* Problem to solve
What you return must be the data below, word for word, without any images.

* Images for object localization
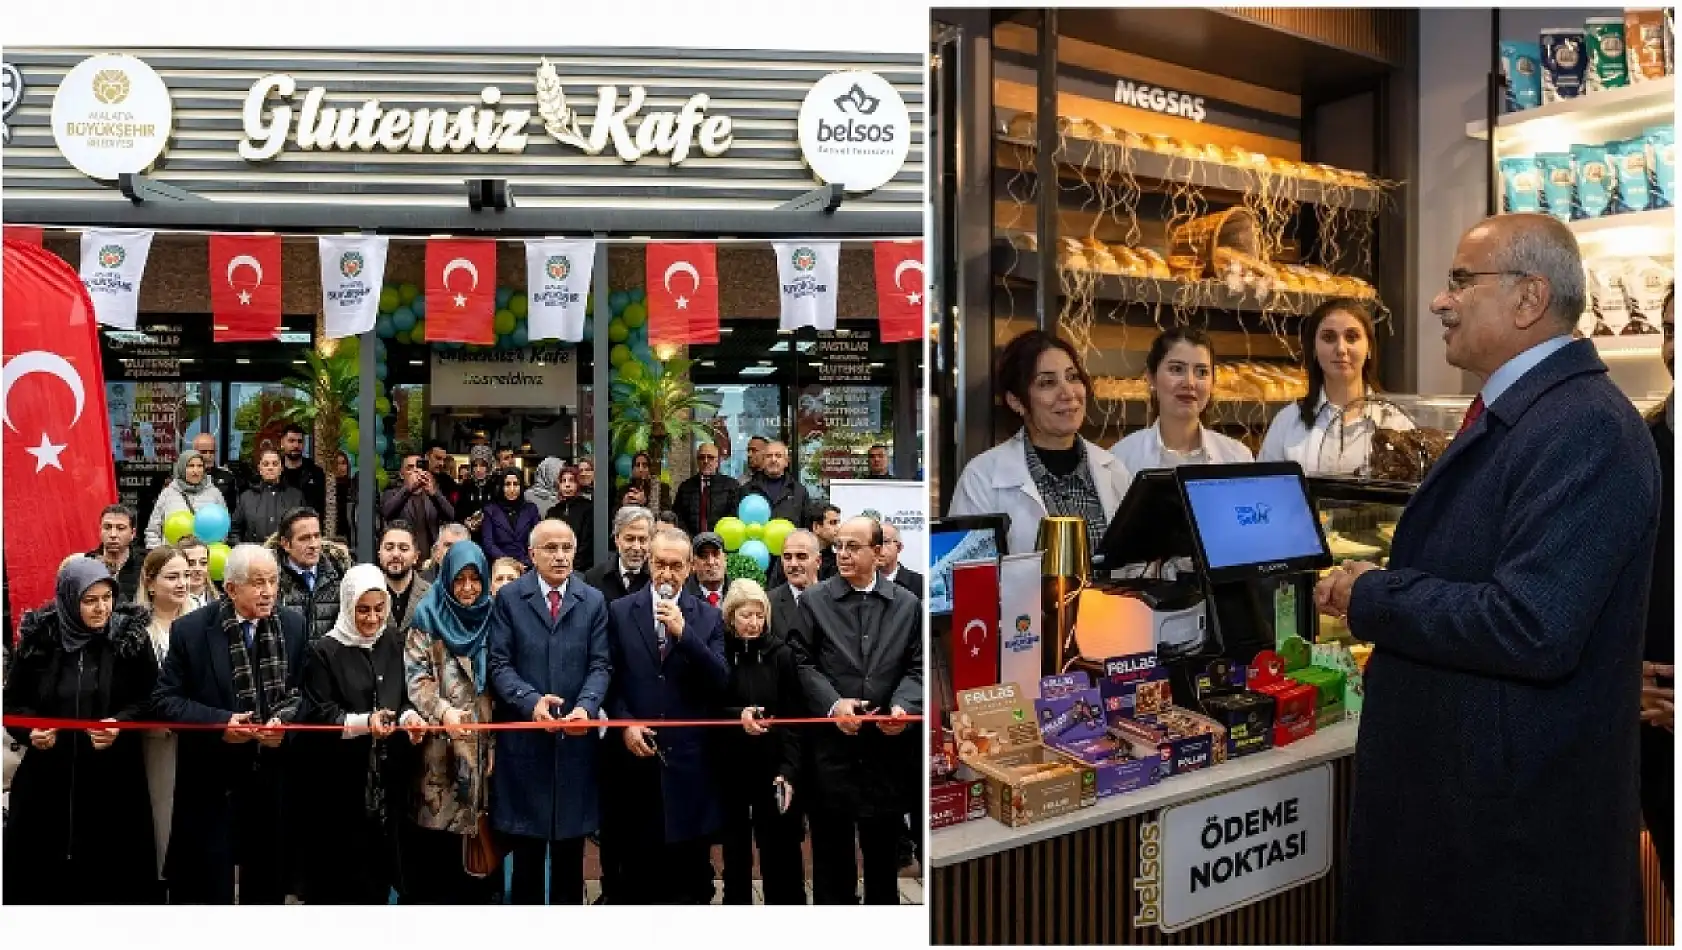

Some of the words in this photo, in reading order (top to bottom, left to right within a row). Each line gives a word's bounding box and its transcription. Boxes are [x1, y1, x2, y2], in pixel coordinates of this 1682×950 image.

[238, 73, 531, 162] Glutensiz
[587, 85, 733, 166] Kafe
[817, 118, 895, 142] belsos
[1201, 797, 1299, 850] ÖDEME
[1134, 823, 1160, 928] belsos
[1190, 830, 1307, 893] NOKTASI
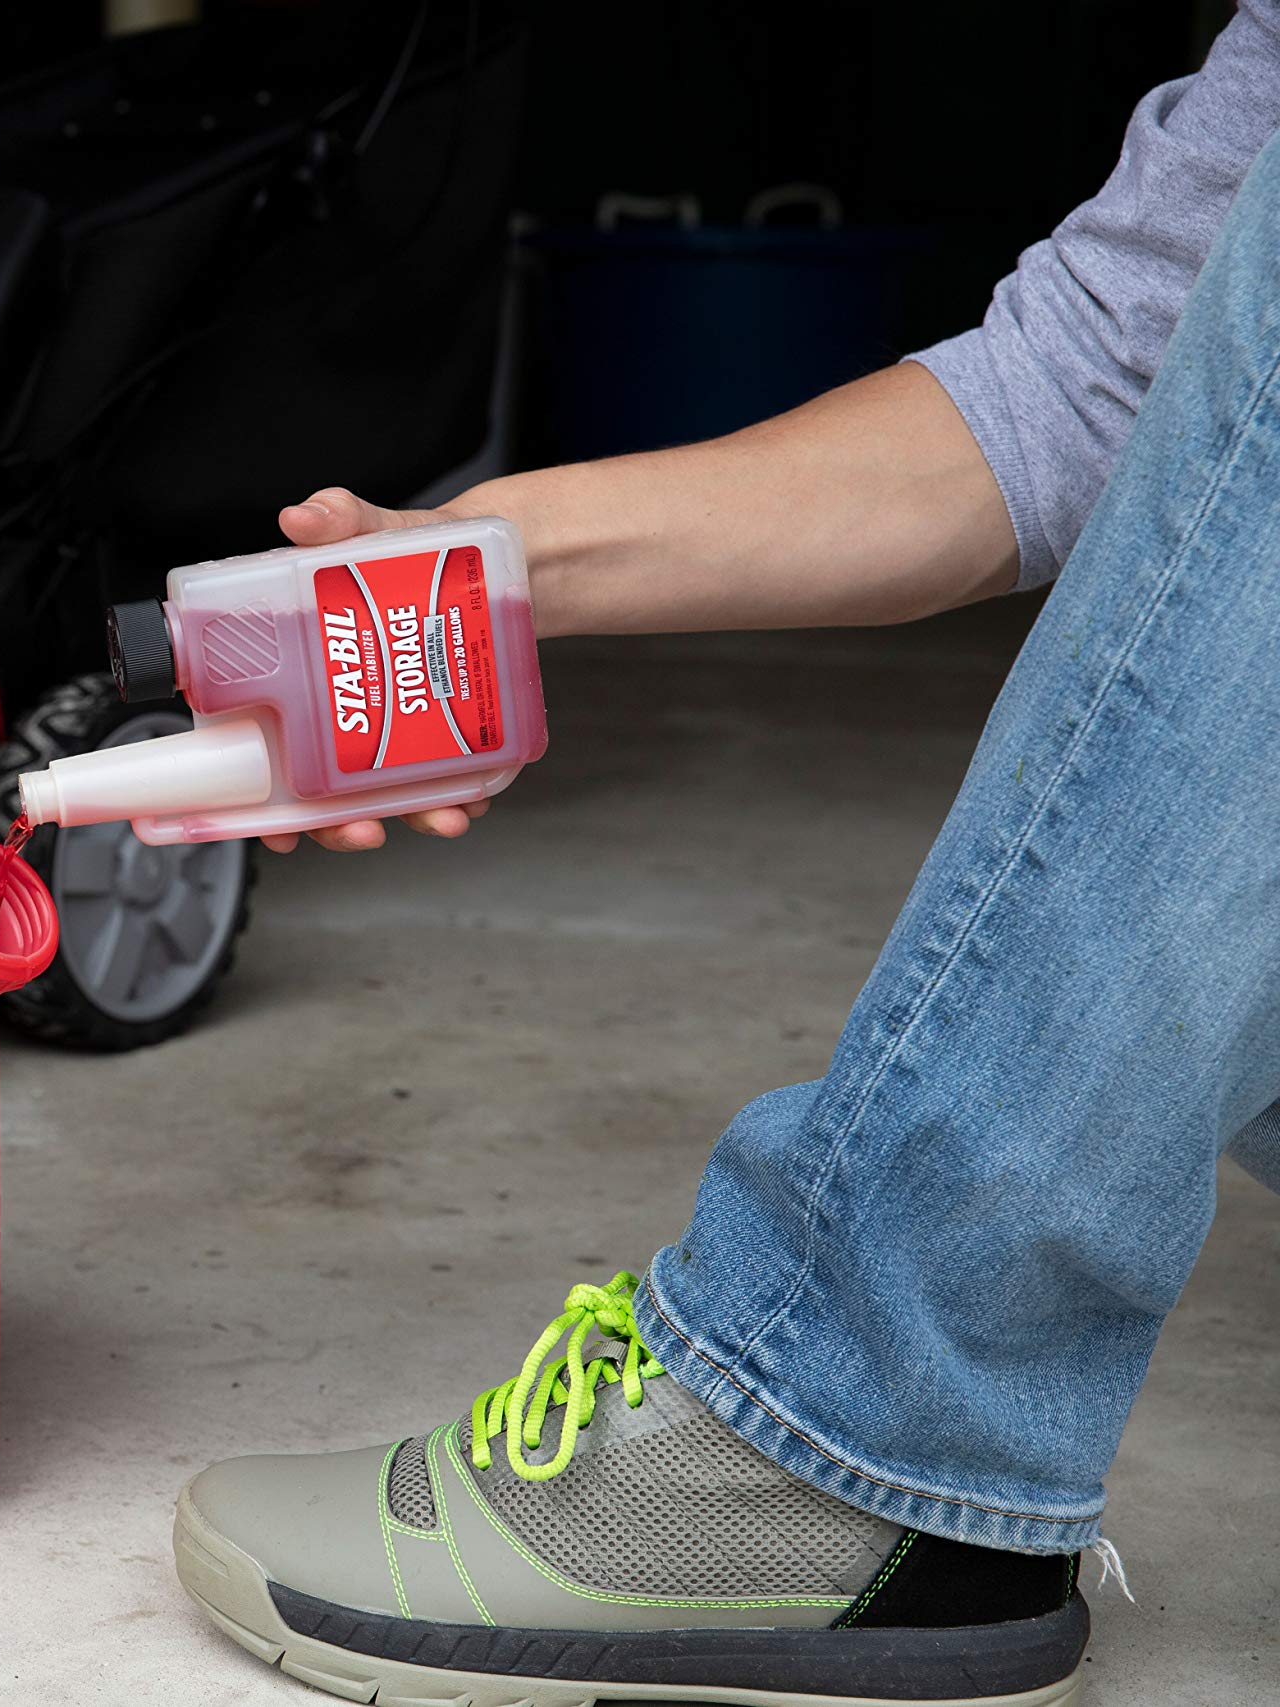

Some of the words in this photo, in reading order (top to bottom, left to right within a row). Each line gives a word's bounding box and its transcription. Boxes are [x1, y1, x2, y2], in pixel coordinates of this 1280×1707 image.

[465, 553, 477, 567] mL)
[467, 569, 479, 584] (236
[470, 596, 481, 604] FL
[434, 619, 444, 636] FUELS
[449, 607, 463, 645] GALLONS
[426, 633, 434, 644] ALL
[363, 630, 378, 681] STABILIZER
[388, 606, 428, 715] STORAGE
[435, 638, 446, 665] BLENDED
[454, 646, 464, 658] 20
[324, 607, 369, 737] STA-BIL
[428, 653, 439, 682] EFFECTIVE
[457, 659, 466, 667] TO
[459, 668, 467, 677] UP
[440, 666, 451, 693] ETHANOL
[459, 678, 470, 700] TREATS
[369, 685, 381, 707] FUEL
[479, 725, 488, 746] DANGER:
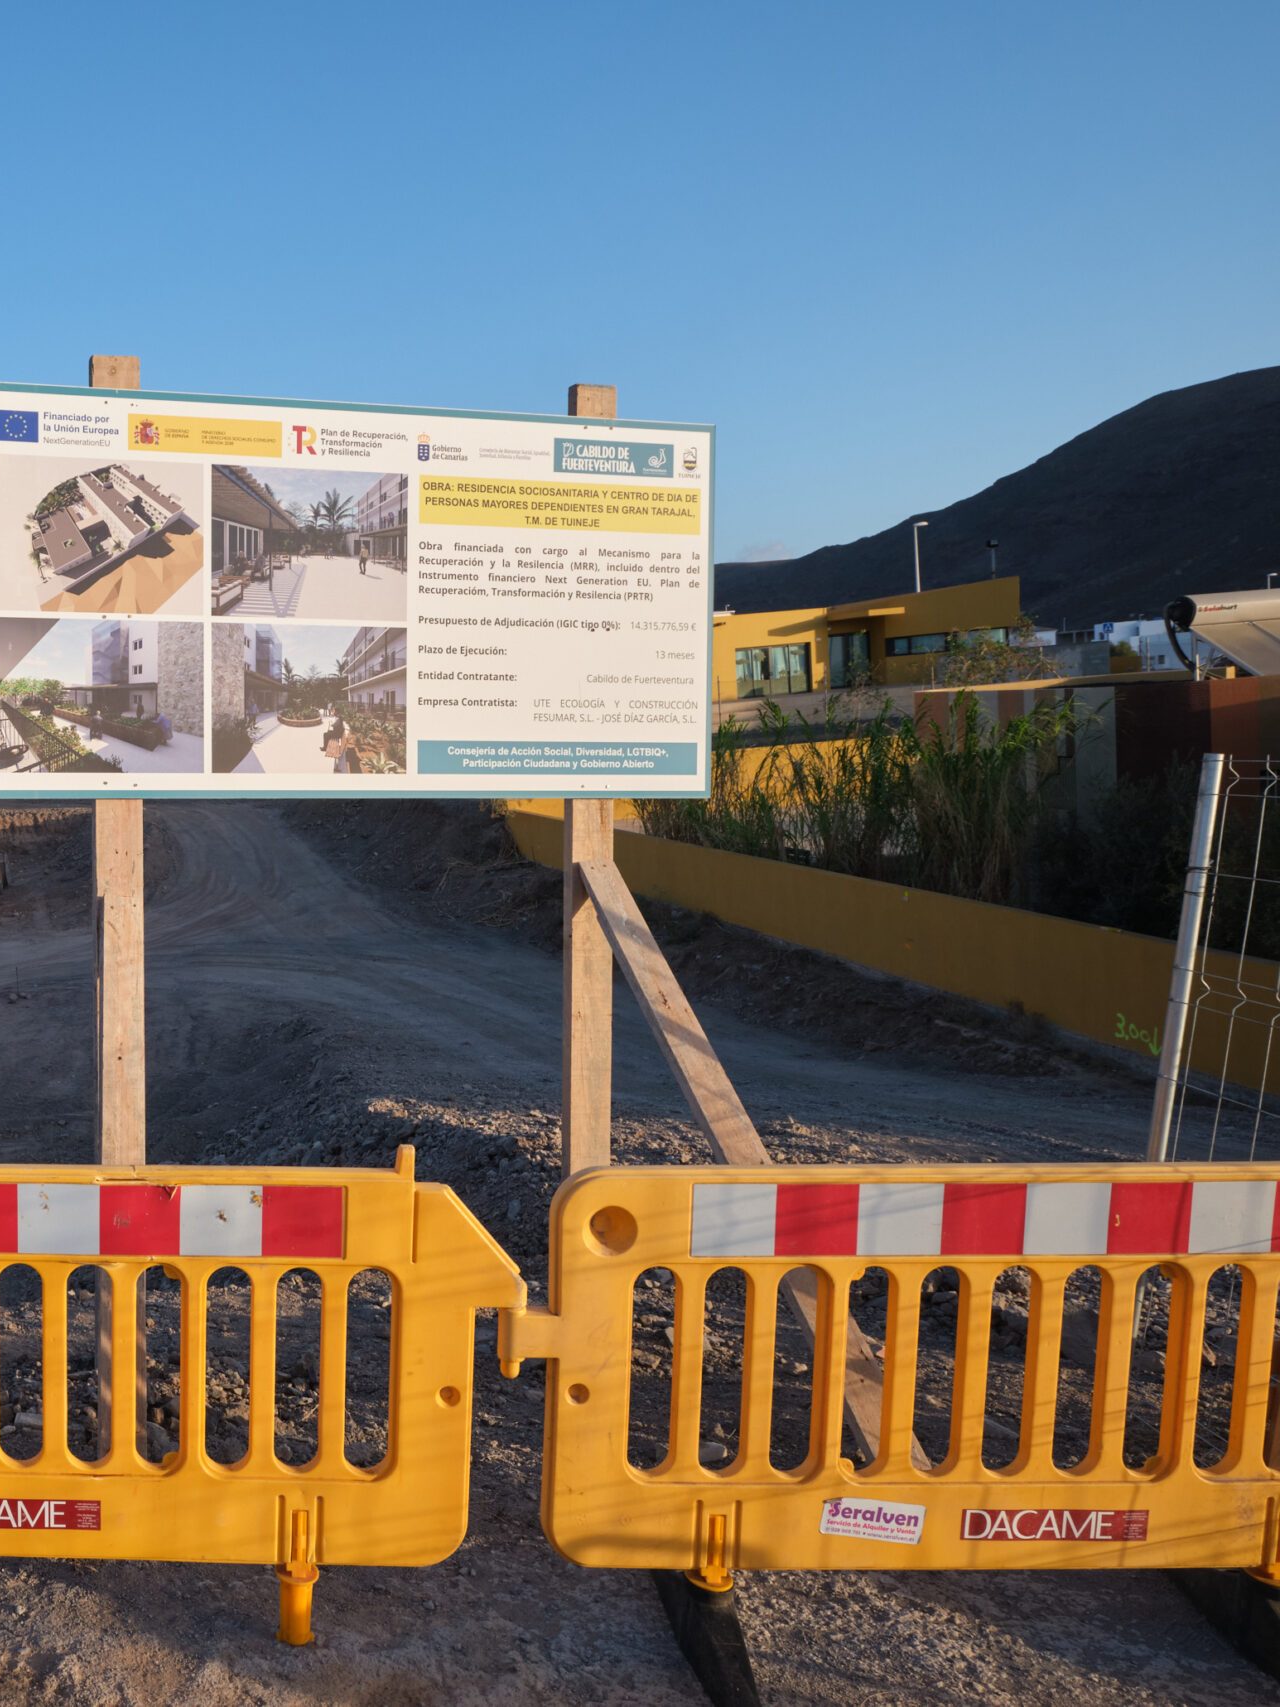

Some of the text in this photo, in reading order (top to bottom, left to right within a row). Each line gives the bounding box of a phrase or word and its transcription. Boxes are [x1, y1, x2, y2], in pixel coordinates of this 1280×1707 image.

[43, 412, 109, 424] Financiado por
[43, 423, 119, 436] la Unión Europea
[320, 429, 408, 441] Plan de Recuperación,
[43, 437, 110, 447] NextGenerationEU
[320, 438, 382, 448] Transformación
[321, 448, 370, 457] y Resiliencia
[432, 444, 462, 453] Gobierno
[576, 444, 630, 460] CABILDO DE
[440, 453, 468, 461] Canarias
[562, 457, 636, 474] FUERTEVENTURA
[423, 481, 698, 503] OBRA: RESIDENCIA SOCIOSANITARIA Y CENTRO DE DIA DE
[425, 496, 695, 518] PERSONAS MAYORES DEPENDIENTES EN GRAN TARAJAL,
[524, 516, 600, 528] T.M. DE TUINEJE
[418, 541, 700, 561] Obra financiada con cargo al Mecanismo para la
[418, 556, 700, 575] Recuperación y la Resilencia (MRR), incluido dentro del
[418, 570, 700, 589] Instrumento financiero Next Generation EU. Plan de
[491, 587, 566, 599] Transformación
[567, 591, 573, 601] y
[575, 590, 622, 600] Resilencia
[624, 592, 654, 602] (PRTR)
[418, 615, 478, 627] Presupuesto
[480, 617, 492, 626] de
[494, 617, 554, 629] Adjudicación
[556, 619, 579, 629] (IGIC
[581, 620, 599, 631] tipo
[601, 620, 621, 630] 0%):
[691, 622, 697, 632] €
[418, 645, 508, 657] Plazo de Ejecución:
[655, 650, 695, 660] 13 meses
[418, 671, 518, 682] Entidad Contratante:
[586, 674, 694, 685] Cabildo de Fuerteventura
[418, 697, 518, 708] Empresa Contratista:
[533, 697, 698, 710] UTE ECOLOGÍA Y CONSTRUCCIÓN
[533, 713, 578, 724] FESUMAR,
[579, 713, 594, 723] S.L.
[601, 711, 622, 724] JOSÉ
[624, 712, 644, 723] DÍAZ
[646, 712, 681, 725] GARCÍA,
[682, 714, 697, 724] S.L.
[447, 746, 669, 758] Consejería de Acción Social, Diversidad, LGTBIQ+,
[463, 759, 655, 770] Participación Ciudadana y Gobierno Abierto
[831, 1501, 919, 1527] Seralven
[827, 1519, 852, 1527] Servicio
[862, 1523, 889, 1532] Alquiler
[896, 1527, 916, 1535] Venta
[963, 1509, 1115, 1540] DACAME

* Response below
Some of the words in this photo, in reading order (top to bottom, left to right within a row). Each line gives a word's bounding box and its transcription. Boxes are [x1, y1, x2, y2], in pixel coordinates of this 1682×950 image.

[238, 73, 531, 162] Glutensiz
[587, 85, 733, 166] Kafe
[817, 118, 895, 142] belsos
[1201, 797, 1299, 850] ÖDEME
[1134, 823, 1160, 928] belsos
[1190, 830, 1307, 893] NOKTASI

Some of the words in this photo, in reading order (top to bottom, left to right within a row). Each line gives a word's bounding box and its transcription. Boxes are [x1, y1, x2, y2], in pixel coordinates of this 1280×1707 image.

[465, 553, 477, 567] mL)
[467, 569, 479, 584] (236
[470, 596, 481, 604] FL
[434, 619, 444, 636] FUELS
[449, 607, 463, 645] GALLONS
[426, 633, 434, 644] ALL
[363, 630, 378, 681] STABILIZER
[388, 606, 428, 715] STORAGE
[435, 638, 446, 665] BLENDED
[454, 646, 464, 658] 20
[324, 607, 369, 737] STA-BIL
[428, 653, 439, 682] EFFECTIVE
[457, 659, 466, 667] TO
[459, 668, 467, 677] UP
[440, 666, 451, 693] ETHANOL
[459, 678, 470, 700] TREATS
[369, 685, 381, 707] FUEL
[479, 725, 488, 746] DANGER:

Some of the text in this photo, in reading order (top to bottom, left to right within a row). Each line gives the bounding box of a phrase or word and its transcription. Boxes are [x1, y1, x2, y2], in pixel coordinates of this 1280×1707 image.

[43, 412, 109, 424] Financiado por
[43, 423, 119, 436] la Unión Europea
[320, 429, 408, 441] Plan de Recuperación,
[43, 437, 110, 447] NextGenerationEU
[320, 438, 382, 448] Transformación
[321, 448, 370, 457] y Resiliencia
[432, 444, 462, 453] Gobierno
[576, 444, 630, 460] CABILDO DE
[440, 453, 468, 461] Canarias
[562, 457, 636, 474] FUERTEVENTURA
[423, 481, 698, 503] OBRA: RESIDENCIA SOCIOSANITARIA Y CENTRO DE DIA DE
[425, 496, 695, 518] PERSONAS MAYORES DEPENDIENTES EN GRAN TARAJAL,
[524, 516, 600, 528] T.M. DE TUINEJE
[418, 541, 700, 561] Obra financiada con cargo al Mecanismo para la
[418, 556, 700, 575] Recuperación y la Resilencia (MRR), incluido dentro del
[418, 570, 700, 589] Instrumento financiero Next Generation EU. Plan de
[491, 587, 566, 599] Transformación
[567, 591, 573, 601] y
[575, 590, 622, 600] Resilencia
[624, 592, 654, 602] (PRTR)
[418, 615, 478, 627] Presupuesto
[480, 617, 492, 626] de
[494, 617, 554, 629] Adjudicación
[556, 619, 579, 629] (IGIC
[581, 620, 599, 631] tipo
[601, 620, 621, 630] 0%):
[691, 622, 697, 632] €
[418, 645, 508, 657] Plazo de Ejecución:
[655, 650, 695, 660] 13 meses
[418, 671, 518, 682] Entidad Contratante:
[586, 674, 694, 685] Cabildo de Fuerteventura
[418, 697, 518, 708] Empresa Contratista:
[533, 697, 698, 710] UTE ECOLOGÍA Y CONSTRUCCIÓN
[533, 713, 578, 724] FESUMAR,
[579, 713, 594, 723] S.L.
[601, 711, 622, 724] JOSÉ
[624, 712, 644, 723] DÍAZ
[646, 712, 681, 725] GARCÍA,
[682, 714, 697, 724] S.L.
[447, 746, 669, 758] Consejería de Acción Social, Diversidad, LGTBIQ+,
[463, 759, 655, 770] Participación Ciudadana y Gobierno Abierto
[831, 1501, 919, 1527] Seralven
[827, 1519, 852, 1527] Servicio
[862, 1523, 889, 1532] Alquiler
[896, 1527, 916, 1535] Venta
[963, 1509, 1115, 1540] DACAME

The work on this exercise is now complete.